What he hears from VARs most consistently, he said, is a need to drive incremental growth opportunity for areas in which they can logically expand. Video, for many solution providers weaned on the telephony and unified communications spaces, is one natural path, and why Jenne established a key relationship with LifeSize, whose video and infrastructure products cater to many of Jenne's VARs' customer sets.

"If you look at video, it was always a bit of a niche play," Johnson said. "But now you have midsize companies deploying video, and using video every week to communicate with vendors and do field sales reviews. Prices have changed, and it's become intuitive and easy to use."

Behind the incremental sales push, Johnson said, some of Jenne's biggest investments have been training tools.

In mid-July, for example, Jenne went live with an online training system called the Jenne Design Center, which is targeted at Avaya enterprise-focused VARs who want a Web-based tool for designing Avaya solutions with customized product and pricing criteria. In essence, VARs get a central repository of Avaya documentation, including design notes and customer data, and a virtual "design center" for creating, configuring testing Avaya and multi-vendor customer solutions.

The combined Avaya-Nortel portfolio is a pronounced specialty within Jenne, which offers a full training curriculum called "Design to Win" focused specifically on Avaya products in the enterprise.

That level of focus has given Johnson and his team a front-row seat to the Avaya-Nortel integration, which has seen its share of challenges, Johnson said, but also a lot of opportunity for Jenne's reseller customers.

"We're seeing a lot of the legacy Avaya resellers looking to pick up a lot of the [former Nortel] products," he said. "And we're pleased to see Avaya's focus in data networking because so many end users want to buy their IP telephony and their data from a single vendor."

In addition to its training investments, Jenne has also been hiring, and among the veteran channel names that have joined its stable are Ken Fabozzi, formerly a 17-year Ingram Micro executive, and now Jenne's vice president, U.S. sales.

Look for Jenne to maintain its level of focus, Johnson said, and go deep rather than wide.

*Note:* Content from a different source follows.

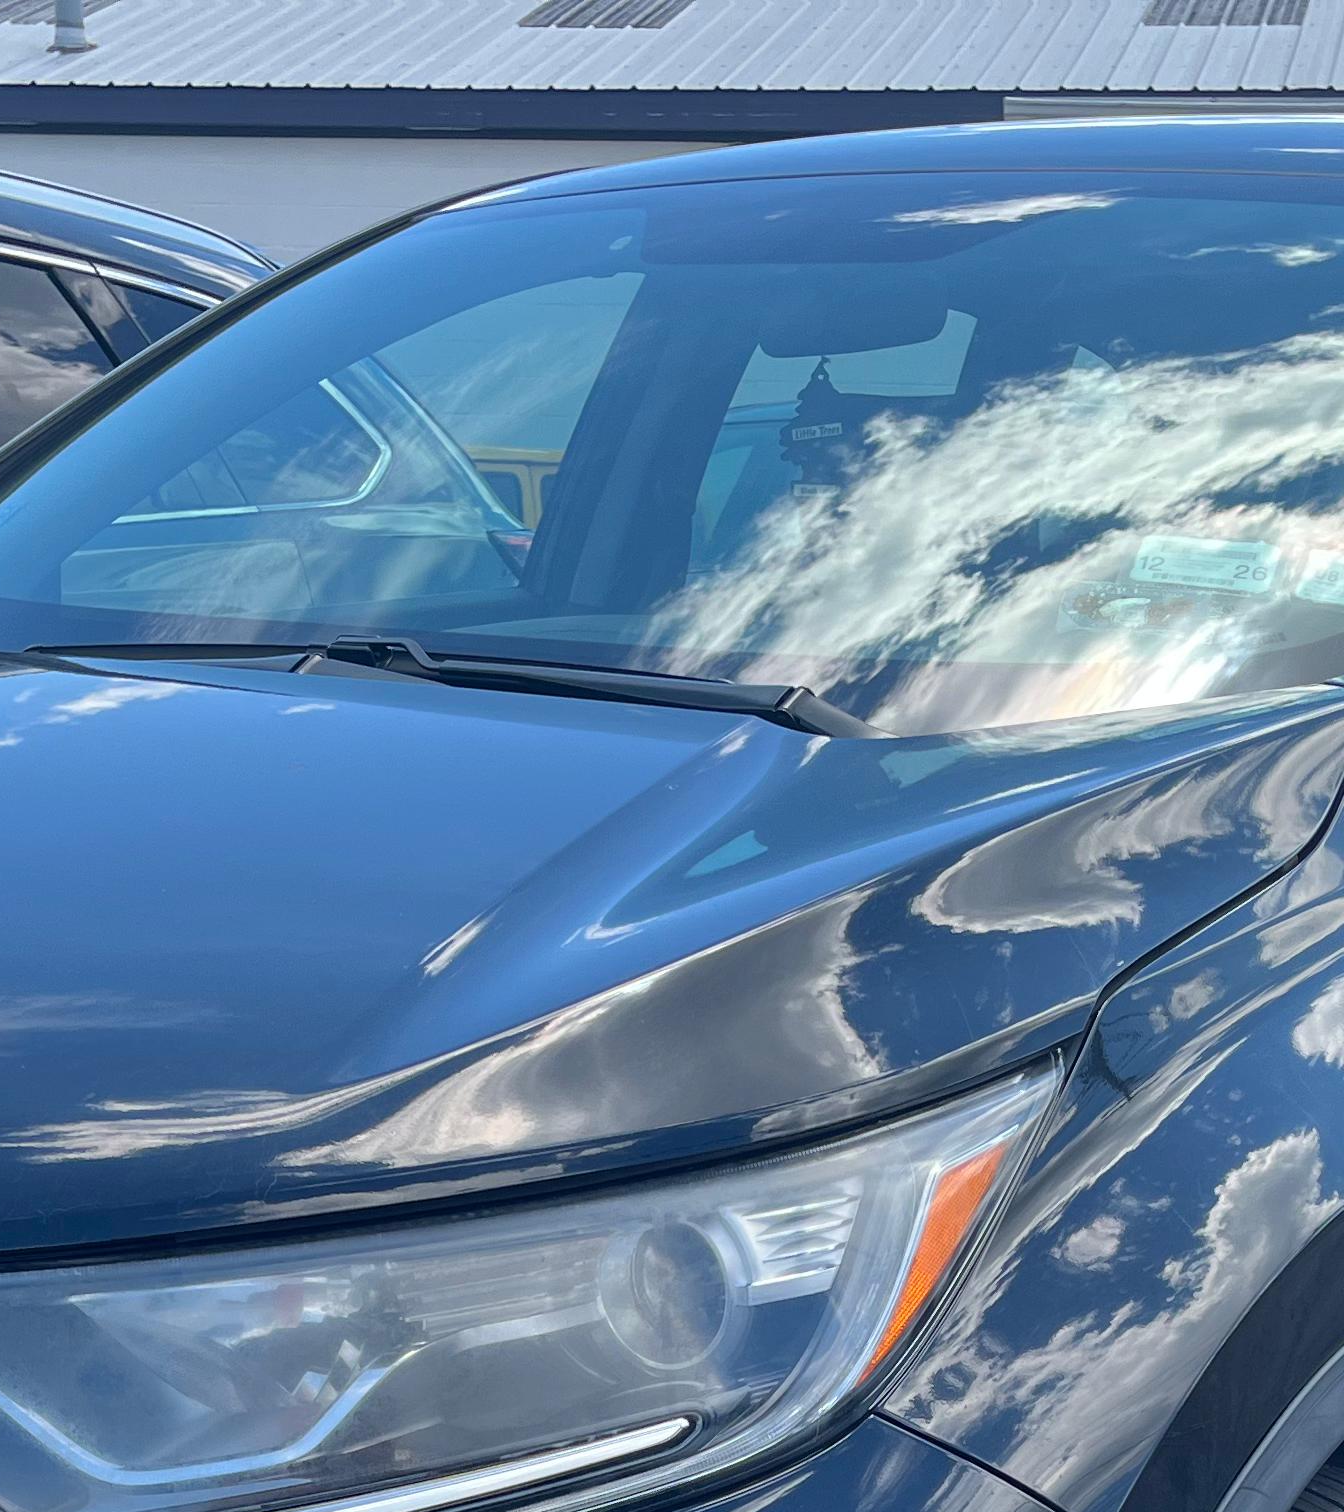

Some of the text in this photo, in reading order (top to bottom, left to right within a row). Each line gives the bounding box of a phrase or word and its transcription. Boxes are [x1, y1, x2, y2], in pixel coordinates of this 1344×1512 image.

[819, 425, 840, 437] Trees
[1139, 555, 1165, 571] 12
[1233, 564, 1269, 581] 26

"For the forseeable future, we're going to stay focused in the broad categories we're in, and they're large categories like SMB and video," he said. "What we're doing is adding complementary vendors that hit the spaces we do. Getting into a completely new space, we have such good traction and and I don't want to spread the company thin. We provide a personal touch and I'm careful to not have us take on more than we should."